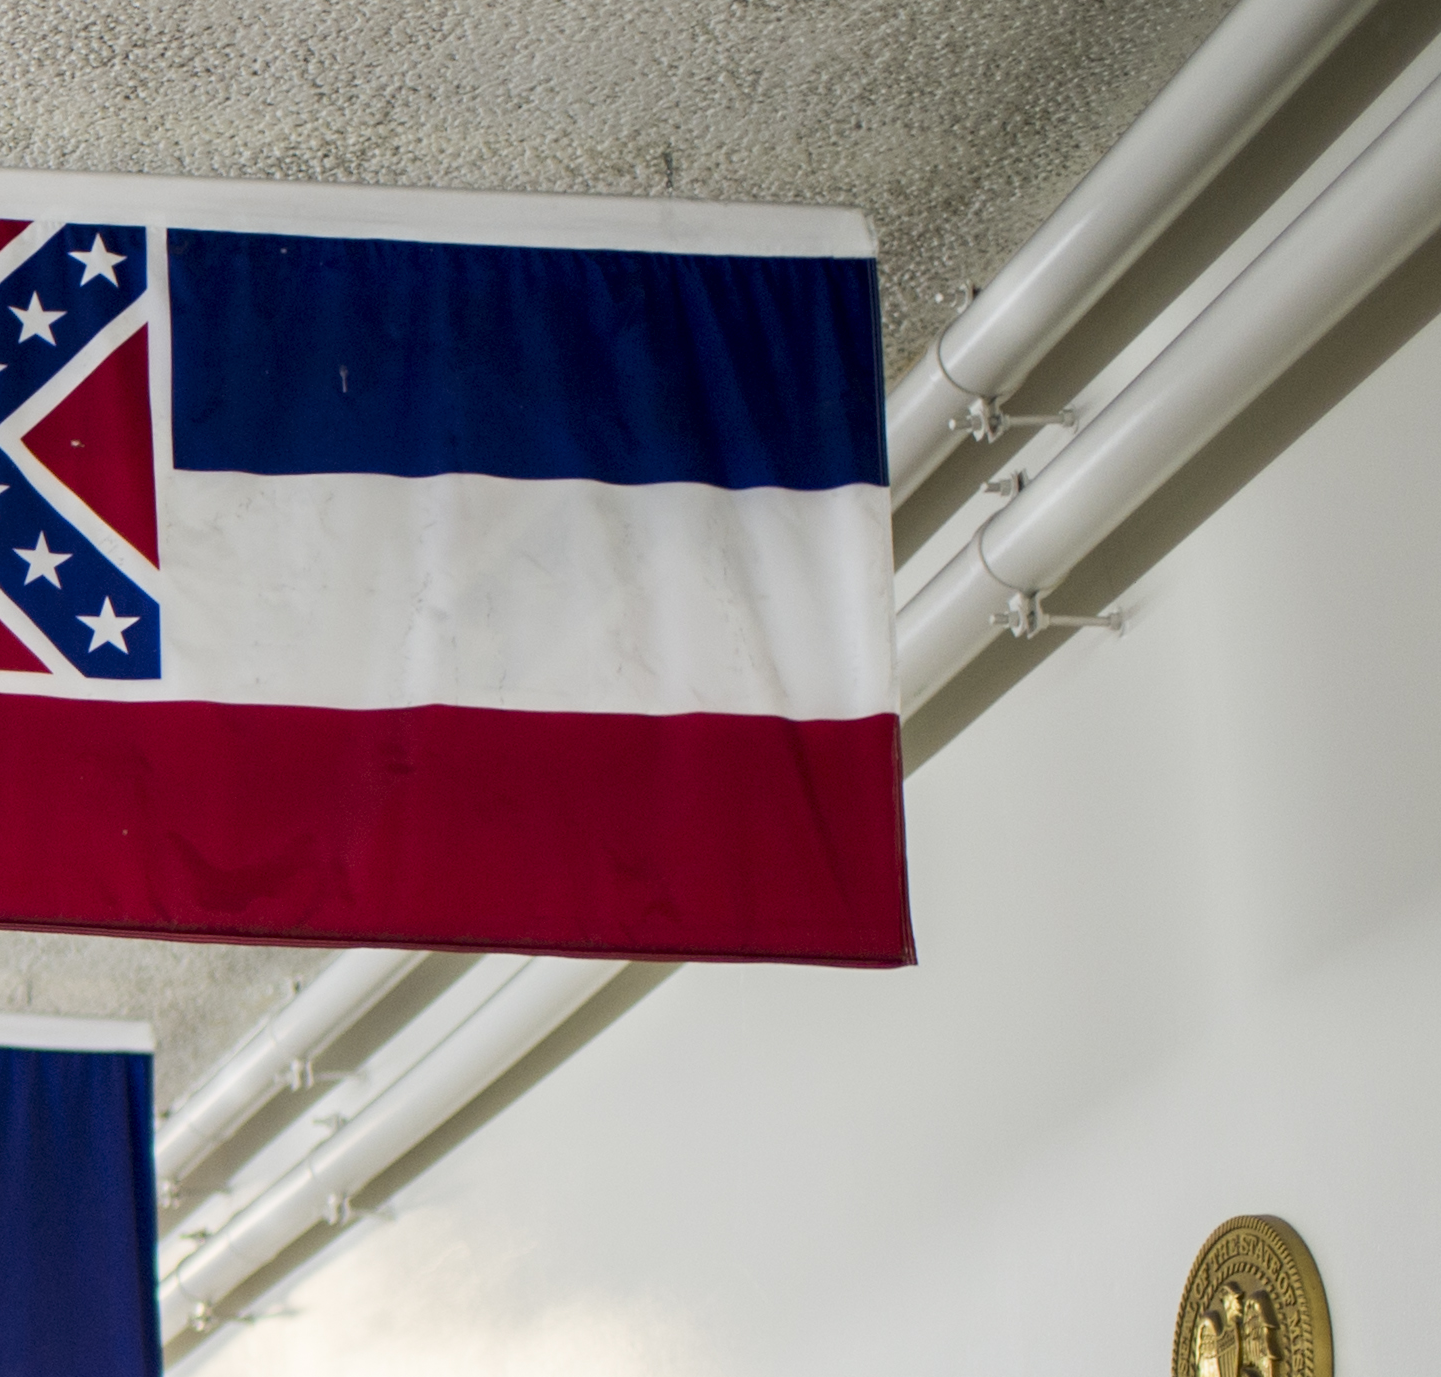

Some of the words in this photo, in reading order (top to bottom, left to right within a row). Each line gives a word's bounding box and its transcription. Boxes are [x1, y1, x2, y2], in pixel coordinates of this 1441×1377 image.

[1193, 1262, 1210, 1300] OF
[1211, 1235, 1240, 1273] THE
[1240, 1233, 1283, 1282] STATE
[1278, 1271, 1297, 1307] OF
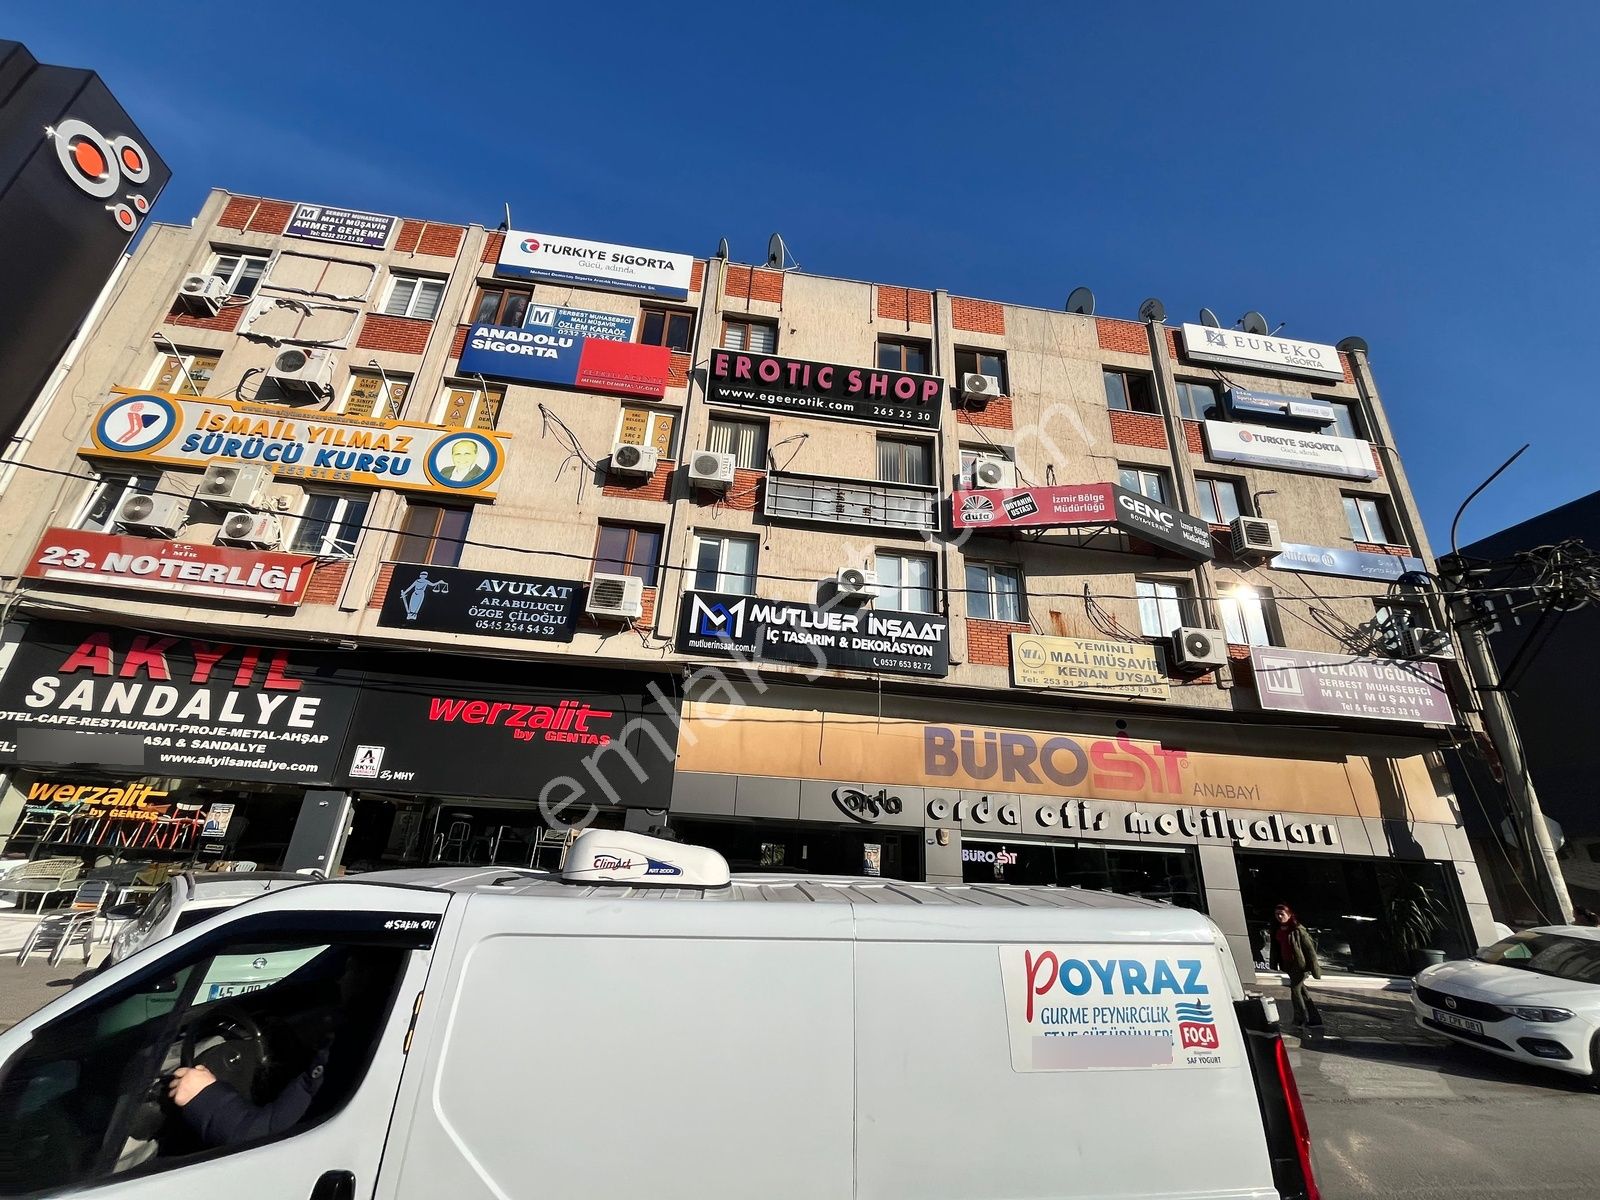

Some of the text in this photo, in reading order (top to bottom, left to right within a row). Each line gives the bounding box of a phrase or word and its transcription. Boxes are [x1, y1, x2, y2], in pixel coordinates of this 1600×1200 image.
================================
= ABOUT THIS EXERCISE =
Write the lines above out again exactly, excluding every picture.

= REPLY =
Some of the words in this photo, in reading order (top to bottom, left to right within a row). Each line gives a word's bounding box and its transcription. Boxes are [x1, y1, x2, y2], in pixel coordinates of this 1441×1377 image.

[1193, 1262, 1210, 1300] OF
[1211, 1235, 1240, 1273] THE
[1240, 1233, 1283, 1282] STATE
[1278, 1271, 1297, 1307] OF

Some of the text in this photo, in reading order (top to bottom, left to right within a row). Each line gives the bounding box of a phrase or word and its transcription. Boxes are [x1, y1, x2, y2], in pixel coordinates of this 1600×1200 image.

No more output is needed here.